On Jan 29, 2009, at 3:47 PM, David Golden wrote:

(1) Optional dependencies: Some modules perform "better" with optional
modules. This "problem" tends to be solved by having Makefile.PL/ Build.PL prompt users whether they want certain extra modules installed, which has the downside that users can't easily set a default policy in their installer tools short of accepting *all* prompt() or autoinstall defaults, which is not necessarily ideal either. Finding a way to communicate to the installer tool that some modules need the user to decide about installation would allow such decisions to be handled by the installer, not the configuration
file.

This can be handled by adding an optional dependencies parameter to Module::Build and EU::MakeMaker. TO me, this is not a problem solvable by a metadata file and not by the current build script system.

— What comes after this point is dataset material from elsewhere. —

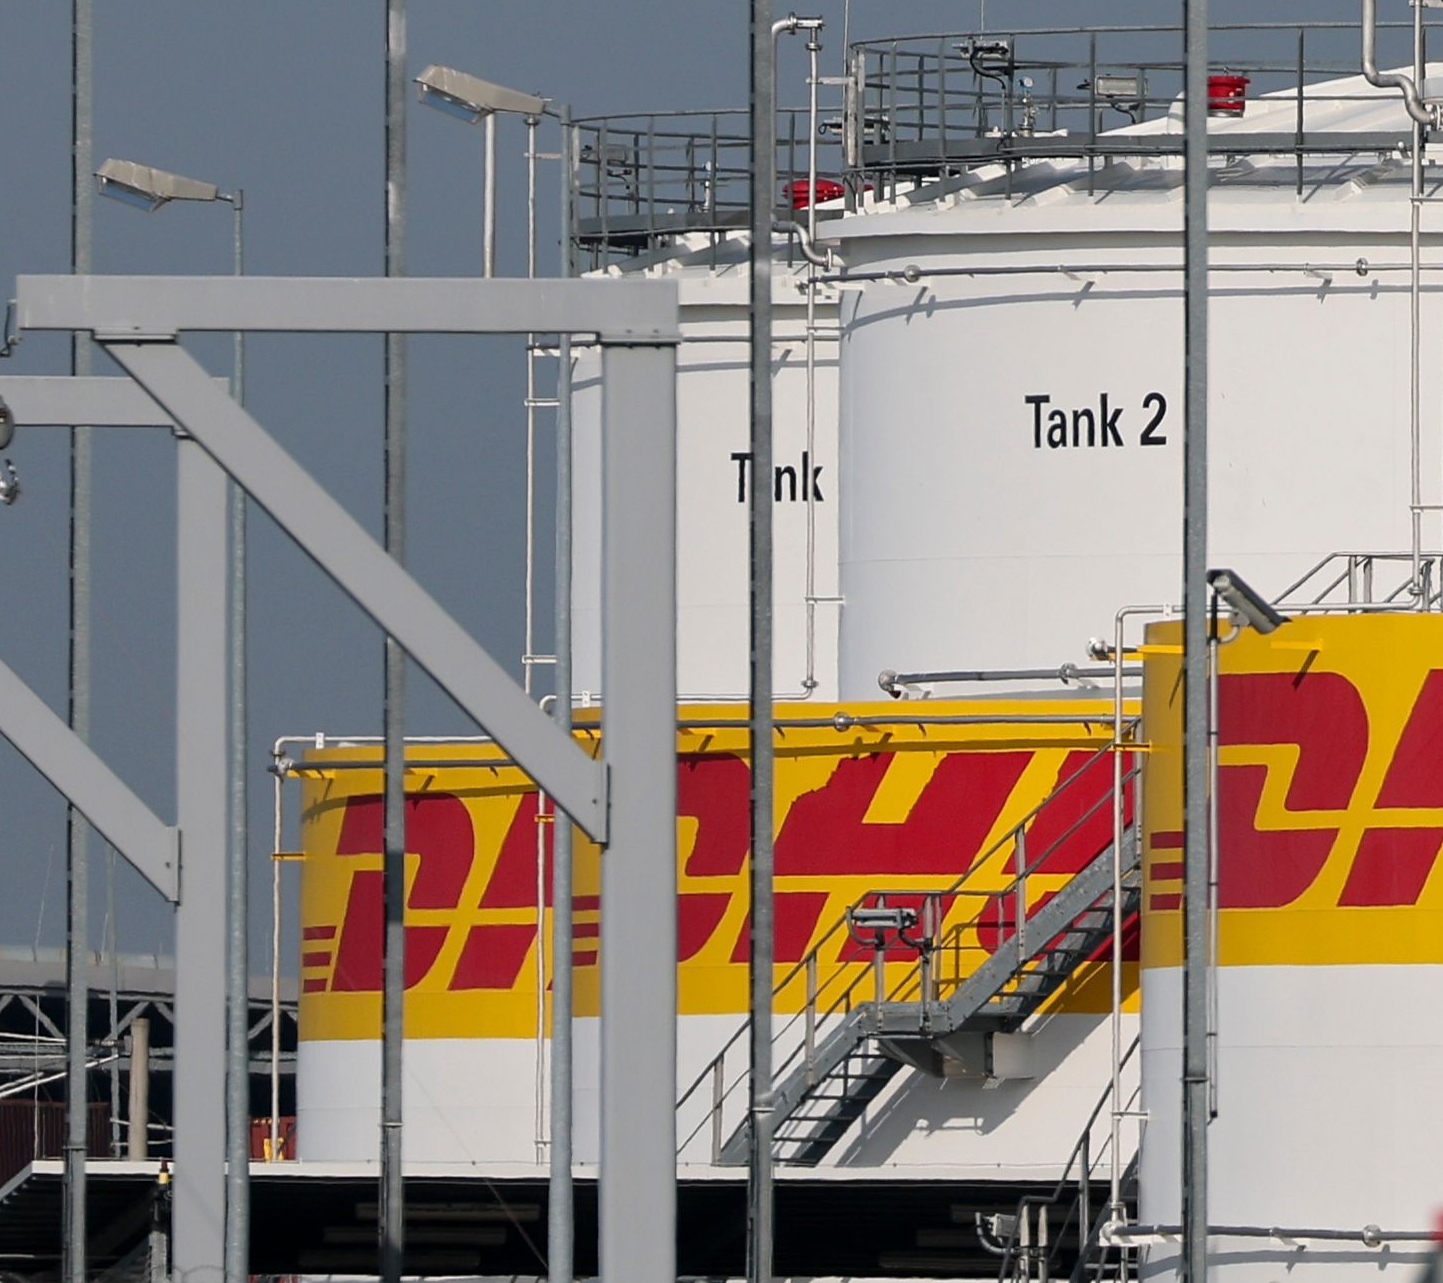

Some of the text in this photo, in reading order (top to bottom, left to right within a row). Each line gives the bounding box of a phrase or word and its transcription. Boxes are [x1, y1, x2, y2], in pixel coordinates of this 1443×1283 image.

[1025, 392, 1167, 448] Tank 2
[731, 451, 824, 502] Tnk

(2) Conditional dependencies: Parts of the QA ecosystem gather information about dependencies. These are not necessarily installing modules and they are often covering all of CPAN, so there is a desire to gather dependency
information without running code.  This is problematic for general
conditional dependencies unless the configuration language becomes a complex
DSL.

Right, but I'm not clear on why we should impose yet another approach to building modules on all CPAN authors just to make things easier for “the QA ecosystem,” which generally ends up running the tests for the modules, anyway.

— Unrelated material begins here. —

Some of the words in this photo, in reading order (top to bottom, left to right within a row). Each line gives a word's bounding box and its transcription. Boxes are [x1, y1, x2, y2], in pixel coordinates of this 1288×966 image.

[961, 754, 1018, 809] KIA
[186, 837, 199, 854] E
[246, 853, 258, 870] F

The META.yml spec does not include a way to specify conditional
dependencies. Instead, whatever dependencies are conditionally determined
to be needed for the author's system are what get put into META.yml's
ordinary 'requires', 'build_requires' and so on.

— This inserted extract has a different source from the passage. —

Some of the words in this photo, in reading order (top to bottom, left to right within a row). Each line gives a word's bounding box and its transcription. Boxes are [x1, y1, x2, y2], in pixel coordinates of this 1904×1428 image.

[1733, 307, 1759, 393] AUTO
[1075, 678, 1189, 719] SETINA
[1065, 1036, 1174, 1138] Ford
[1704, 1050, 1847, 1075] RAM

Yes, but we could add such a way to the existing META.yml spec, no?

MYMETA.yml has been
proposed as an alternative approach to the problem of collecting conditional dependencies -- rather than try to make the META.yml contain conditional
logic, MYMETA.yml will contain the *result* of conditional logic for a
particular system and that post-configuration output can be collected and
used to impute conditional dependencies.

Who will be generating this MYMETA.yml? How many of them will there be, one for each system? That's a lot of files!

(3) Passing all prerequisites as PREREQ_PM out of the Makefile is a clumsy way for an installer to learn about dependencies that must be installed. Nor does it provide granularity for identifying modules that are needed to build/test but should not be installed or for optional dependencies such as
in (1) above.

Oh, without question. But again, I don't see how another metadata file solves that problem. At least, not any better than a build script does.

There doesn't seem to be a lot of desire to hack EU::MM to stuff more
information into Makefile. Instead, the idea is to use META.yml -- or, soon, MYMETA.yml -- to communicate dependency needs back to installer using a well-defined data structure. Because MYMETA.yml is a post- configuration
result, concerns about META.yml defaulting to "dynamic_config: 1" are
avoided.

Well, the problem with that is that YAML is a finicky bitch. You'll end up with a lot of broken MYMETA.yml files on CPAN (or, more likely, very few, as authors won't have the patience to create them) if they have to be created by hand. Better would be to add the functionality you need to Module::Build, and then have it generate such a file (or just add the info to META.yml; I'm still not understanding why yet another metadata file is required).